Imbolc is a holiday with a variety of names, depending on which culture and location you’re looking at. In the Irish Gaelic, it’s called Oimelc, which translates to “ewe’s milk.” It’s a precursor to the end of winter when the ewes are nursing their newly born lambs. Spring and the planting season are right around the corner.

The Romans Celebrate:

To the Romans, this time of year halfway between the Winter Solstice and the Spring Equinox was the season of the Lupercalia.

For them, it was a purification ritual held on February 15, in which a goat was sacrificed and a scourge made of its hide. Thong-clad men ran through the city, whacking people with bits of goat hide. Those who were struck considered themselves fortunate indeed. This is one of the few Roman celebrations that is not associated with a particular temple or deity. Instead, it focuses on the founding of the city of Rome, by twins Romulus and Remus, who were suckled by a she-wolf — in a cave known as the “Lupercale”.

The Feast of Nut:

The ancient Egyptians celebrated this time of year as the Feast of Nut, whose birthday falls on February 2 (Gregorian calendar).

According to the Book of the Dead, Nut was seen as a mother-figure to the sun god Ra, who at sunrise was known as Khepera and took the form of a scarab beetle.

Christian Conversion of a Pagan Celebration:

When Ireland converted to Christianity, it was hard to convince people to get rid of their old gods, so the church allowed them to worship the goddess Brighid as a saint — thus the creation of St.
Brigid’s Day. Today, there are many churches around the world which bear her name.

Purification and Light:

For many Christians, February 2nd continues to be celebrated as Candelmas, the feast of purification of the Virgin. By Jewish law, it took forty days after a birth for a woman to be cleansed following the birth of a son. Forty days after Christmas – the birth of Jesus – is February 2nd. Candles were blessed, there was much feasting to be had, and the drab days of February suddenly seemed a little brighter. In Catholic churches, the focus of this celebration is St. Brighid.

Love & Courtship:

February is known as a month when love begins anew, in part to to the widespread celebration of Valentine’s Day. In some parts of Europe, there was a belief that February 14th was the day that birds and animals began their annual hunt for a mate. Valentine’s Day is named for the Christian priest who defied Emperor Claudius II’s edict banning young soldiers from marrying. In secret, Valentine “tied the knot” for many young couples.
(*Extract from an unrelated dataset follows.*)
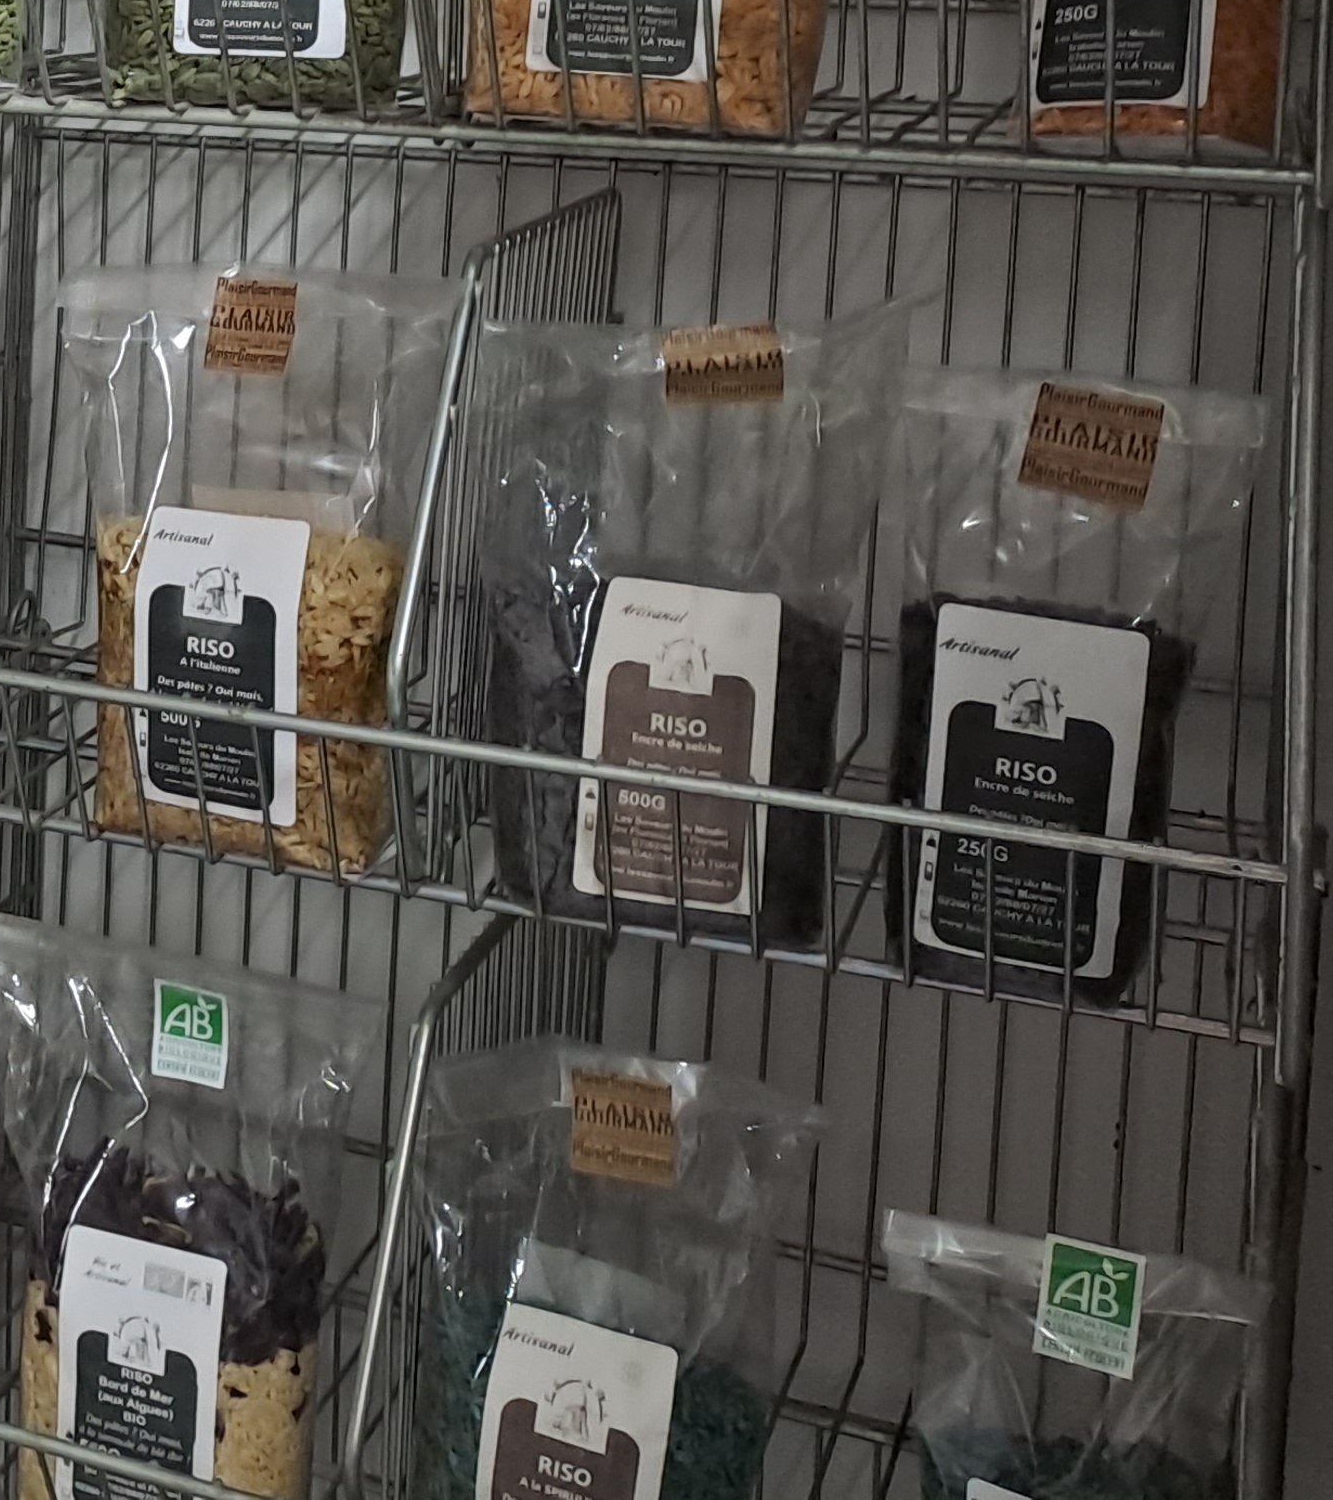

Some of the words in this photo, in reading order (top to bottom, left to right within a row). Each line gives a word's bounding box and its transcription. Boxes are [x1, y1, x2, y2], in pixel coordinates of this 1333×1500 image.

Eventually, he was captured and executed on Feb. 14, 269 C.E. Before his death, he smuggled a message to a girl he had befriended while imprisoned — the first Valentine’s Day card.

Serpents in the Spring

Although Imbolc isn’t even mentioned in non-Gaelic Celtic traditions, it’s still a time rich in folklore and history. According to the Carmina Gadelica, the Celts celebrated an early version of Groundhog Day on Imbolc too – only with a serpent, singing this poem:

Thig an nathair as an toll
(The serpent will come from the hole)
la donn Bride
(on the brown day of Bride (Brighid)
Ged robh tri traighean dh’an
(though there may be three feet of snow)
Air leachd an lair
(On the surface of the ground.)

Among agricultural societies, this time of year was marked by the preparation for the spring lambing, after which the ewes would lactate (hence the term “ewe’s milk” as “Oimelc”). At Neolithic sites in Ireland, underground chambers align perfectly with the rising sun on Imbolc.

The Goddess Brighid

Like many Pagan holidays, Imbolc has a Celtic connection as well, although it wasn’t celebrated in non-Gaelic Celtic societies. The Irish goddess Brighid is the keeper of the sacred flame, the guardian of home and hearth. To honor her, purification and cleaning are a wonderful way to get ready for the coming of Spring. In addition to fire, she is a goddess connected to inspiration and creativity.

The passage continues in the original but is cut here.